What I really mean by “you can’t publicly express criticism” is not that you physically can’t or even that some people won’t appreciate it. Instead it’s more that if you do express criticism or skepticism about a published piece in a public forum outside of certain established channels, you will be subject to scrutiny and moral judgment, for being non-inclusive or “gate-keeping” or demonstrating “survivor bias.” The overall sentiment being that expressing skepticism of the quality of some piece of research out of the “proper” channels of reviewing and post-conference-presentation QA makes you somehow threatening to the field. It’s like people assume that critique cannot be helpful unless its somehow balanced with positives or provided in the context of some anonymous format or at a time when authors have prepared themselves to hear comments and will therefore not be surprised if someone says something critical. Andrew has of course commented numerous times on similar things in prior posts.

I write these views as someone who dislikes conflict and publicly bringing up issues in other people’s work. If I’m critiquing something, my style tends to involve going into detail to make it seem more nuanced and shading the critique with acknowledgement of good things to make it seem less harsh. Or if there are common issues I might write a critical paper pointing to the problems in the context of making a bigger argument so that it feels less directed at any particular authors. But I don’t think all this hedging should be so necessary. Criticism in science should be acceptable regardless of how it comes up, and you can’t imply it should go away without seeming to contradict the whole point of doing research. This has always seemed like a matter of principle to me, even back when I was getting critiqued myself as a PhD student and not liking it. So I still get surprised sometime when I realize that my attitude is unusual, at least in the areas I work in. 
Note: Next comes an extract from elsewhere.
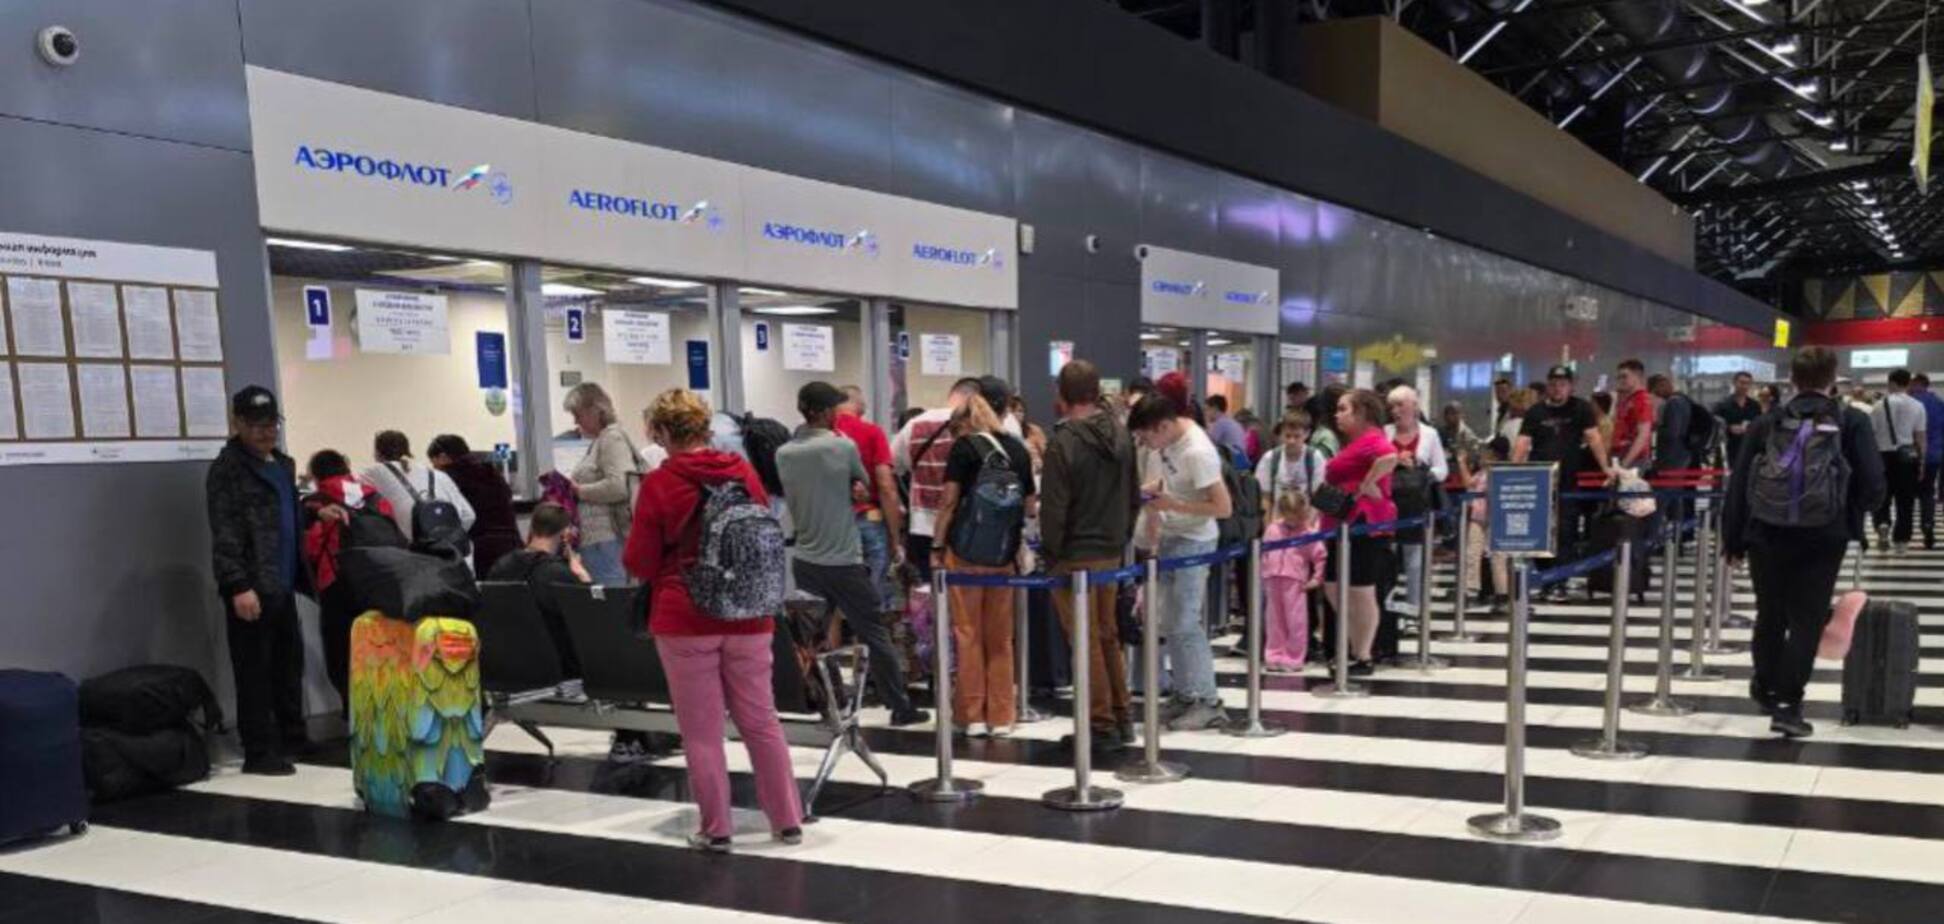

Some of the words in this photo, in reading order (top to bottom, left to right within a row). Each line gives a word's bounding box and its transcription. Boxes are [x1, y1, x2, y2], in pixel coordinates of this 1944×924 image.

One thing I really dislike is the idea that its not possible to be both an inclusive field and a field that embraces criticism. Like the only way to have the former is to suppress the latter. It’s unfortunate I guess that some fields that embrace criticism are not very diverse (say, finance or parts of econ), and that other fields that prioritize novelty and diversity in methods over critiquing what exists tend to be better on diversity, like HCI or visualization which do pretty well in terms of attracting women and other groups. 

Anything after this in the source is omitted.